Alors qu'elle n'est pas sa surprise en voyant un bolide bleu électrique sur le trottoir. Charon gare où il peut son taxi noir au pare-brise tout neuf, contrairement à son chauffeur qui ne rajeunit décidément pas.

Son passager à l'arrière, un amant surpris par un mari jaloux, descend sans grande conviction. Après avoir croqué la vie à pleine dents, le voilà qui doit se serrer la ceinture dans cette ville d'un autre genre.
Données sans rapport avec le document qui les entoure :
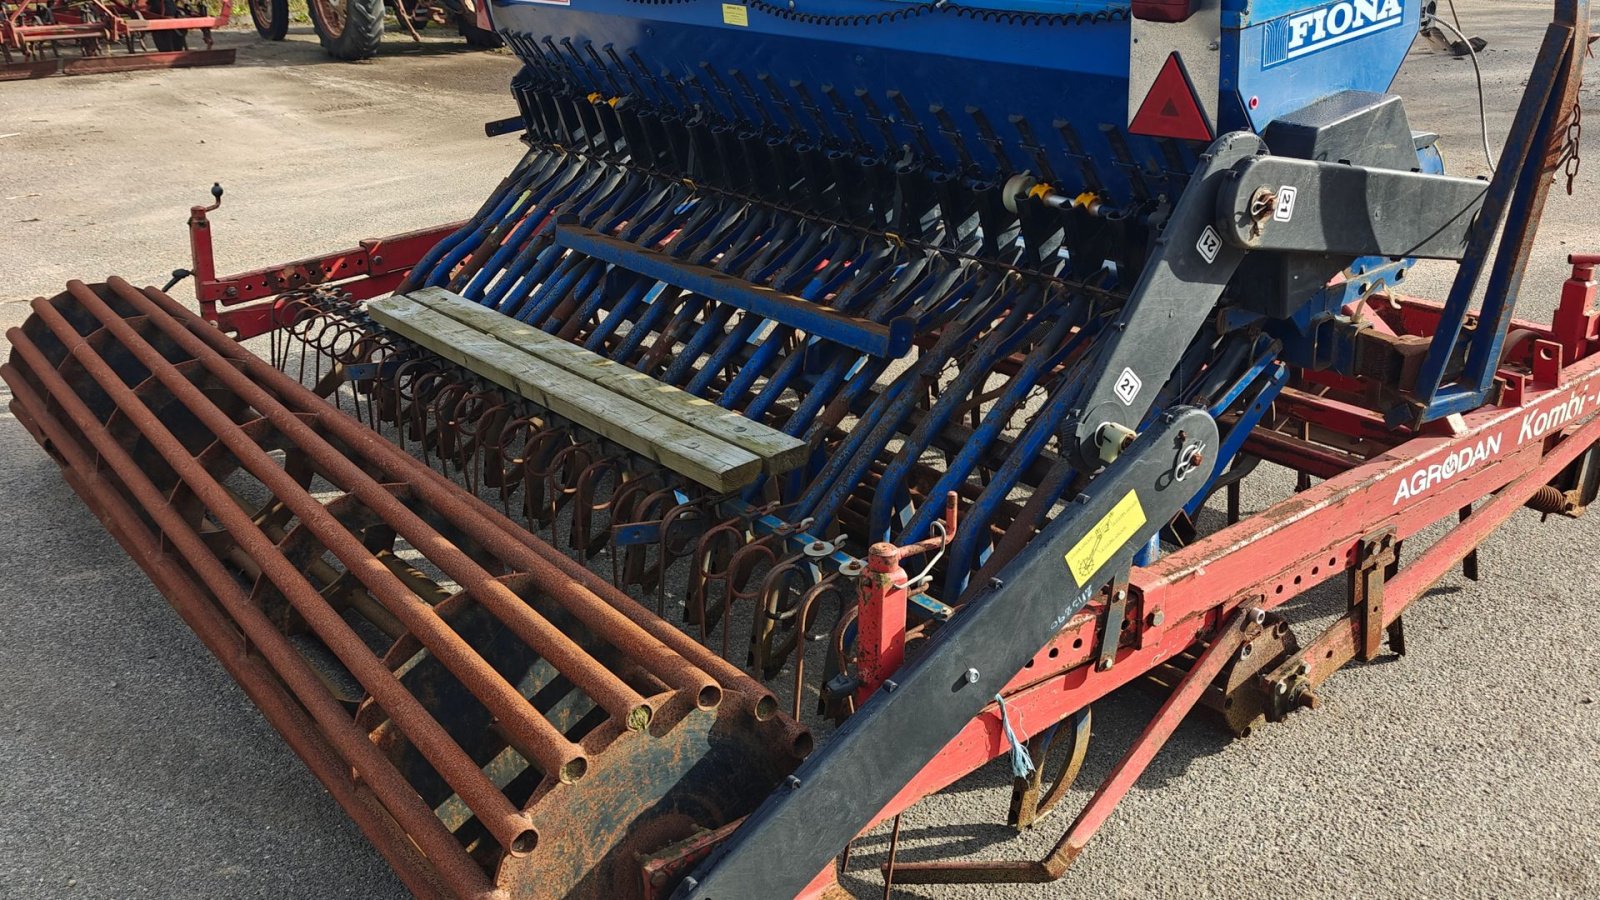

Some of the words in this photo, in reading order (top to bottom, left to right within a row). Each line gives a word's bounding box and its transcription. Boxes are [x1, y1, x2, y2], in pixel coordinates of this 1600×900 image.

Charon n'en a que faire, ce qui l'intéresse c'est de savoir à qui appartient la bête bleue magnifique.

Il descend de son taxi pour chercher des réponses mais une voix enthousiaste, bien mal à sa place sur ce trottoir morne, le surprend depuis une contre-ruelle obscure :

– Et le voilà enfin ! On ne t'attendait plus, mon vieux.

Charon connaît cette voix, ce rythme de dactylographe sans l'austérité en plus.

Il a changé depuis la dernière fois. Sa doudoune blazer d'une couleur dégradée flashy et ses baskets affublées d'ailes ne sont sûrement pas réglementaires. Et Charon ne voit pas sa sacoche de facteur.

– Eh ben, tu en tires une tête d'enterrement. Tu n'es pas content de me voir ?

– Je me demande surtout ce qui t'amène à Hades City. Si tu cherches Perséphone, tu l'as manquée de douze jours.

Douze longs jours au morne son de la route sans musique.

– Je sais qu'elle n'est plus ici. Tu crois que je suis si pris par mon travail que je ne vois plus passer les saisons, c'est ça ?

– Avec toi, on ne sait jamais, répond Charon d'une voix maîtrisée.

– Tu peux bien parler, espèce de bourreau du travail. Quand je pense que c'est pour toi que je suis ici. Ingrat.

Hermès est bien placé pour parler. Ami de longue date rencontré pour la première fois alors qu'il était venu négocier le retour de Perséphone, collègue occasionnel, il laisse Charon faire tout le boulot pendant qu'il rattrape ses heures de sommeil sur la route ou papote avec les passagers loquaces. Charon le supporte parce qu'Hermès le laisse choisir sa musique en paix et qu'il offre une bonne conversation.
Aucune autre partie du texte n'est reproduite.